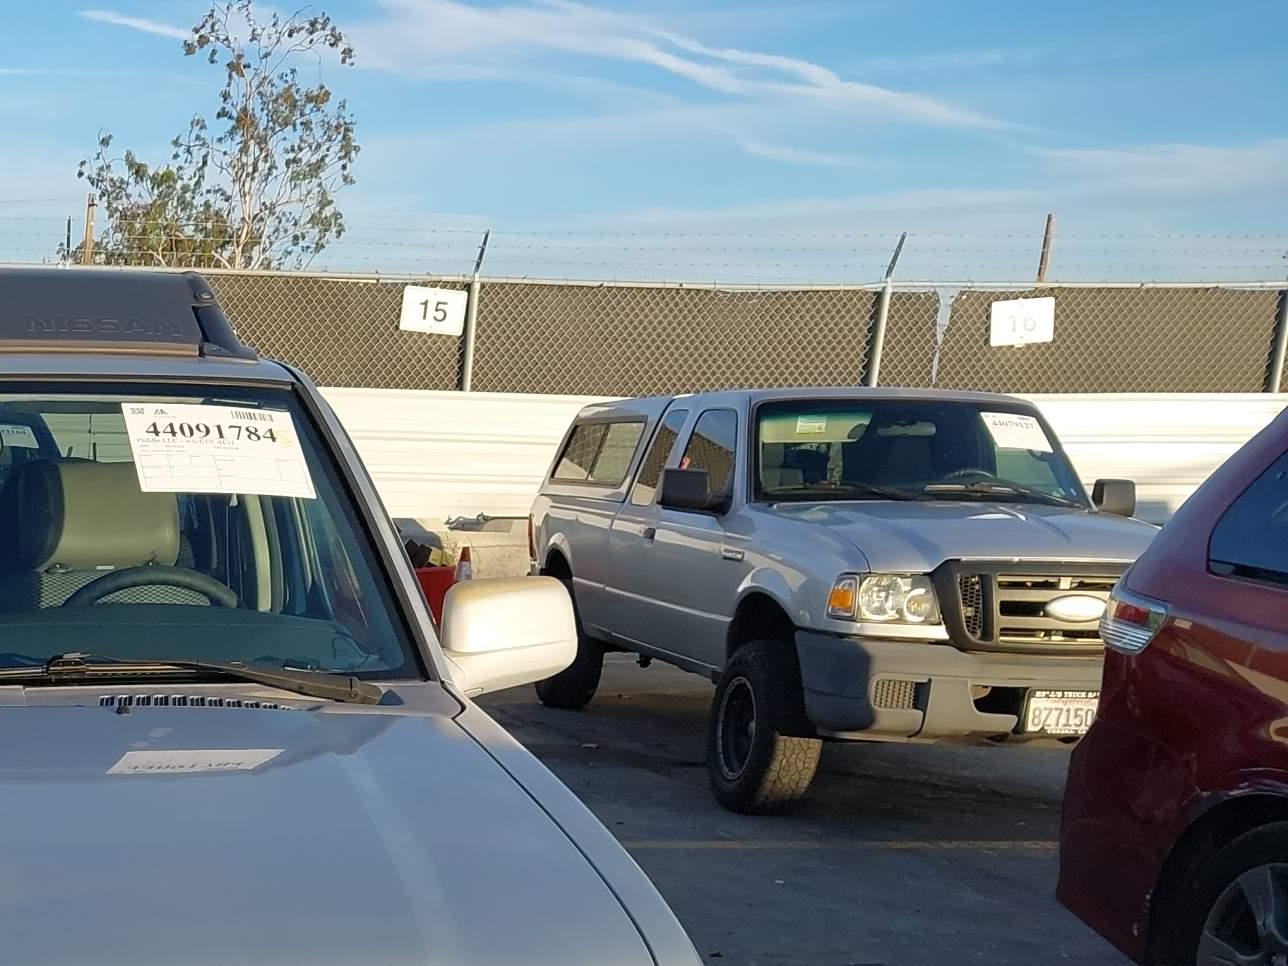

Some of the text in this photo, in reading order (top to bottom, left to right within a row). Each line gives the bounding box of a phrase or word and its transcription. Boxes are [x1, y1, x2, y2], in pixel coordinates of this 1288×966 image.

[420, 299, 448, 322] 15
[25, 315, 184, 336] NISSAN
[1009, 311, 1036, 333] 16
[146, 421, 277, 443] 44091784
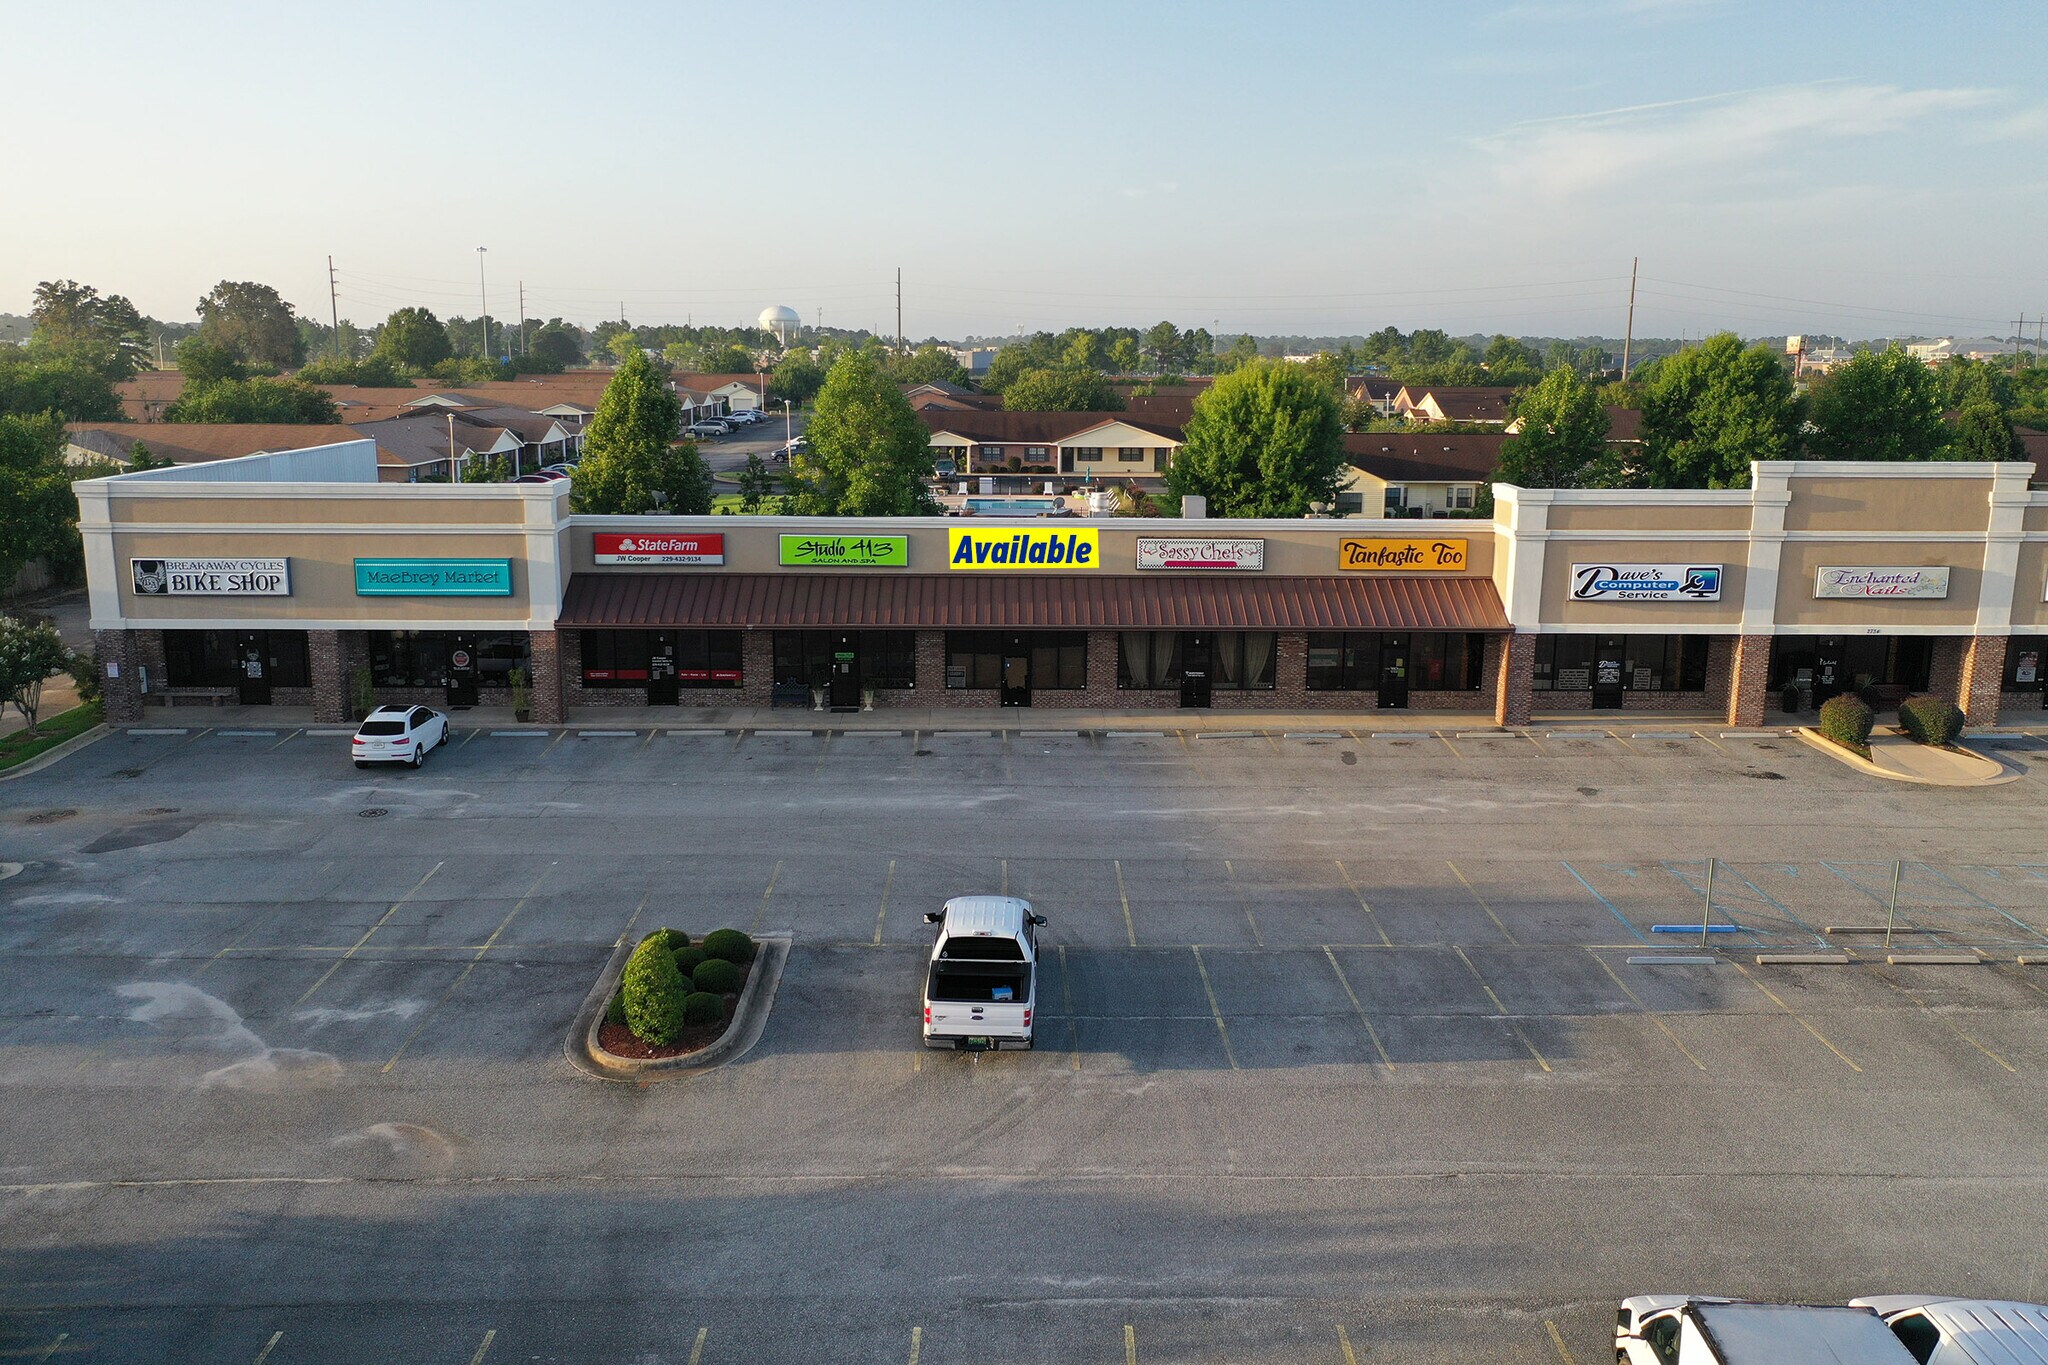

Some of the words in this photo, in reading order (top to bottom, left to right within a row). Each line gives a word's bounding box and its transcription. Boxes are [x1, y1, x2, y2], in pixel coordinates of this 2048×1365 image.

### Action item
A faithful, word-for-word copy of the records above, pictures left out, is the answer.

### Written response
Some of the text in this photo, in reading order (top to bottom, left to right within a row). Each line gives the bounding box of a phrase or word and its transcription. Boxes are [x1, y1, x2, y2], in pixel coordinates of this 1288×966 image.

[420, 299, 448, 322] 15
[25, 315, 184, 336] NISSAN
[1009, 311, 1036, 333] 16
[146, 421, 277, 443] 44091784

Some of the words in this photo, in reading order (top to bottom, left to right within a row). Each line gives a word's bounding box and its transcription. Boxes are [x1, y1, x2, y2], in pixel coordinates of this 2048×1365 image.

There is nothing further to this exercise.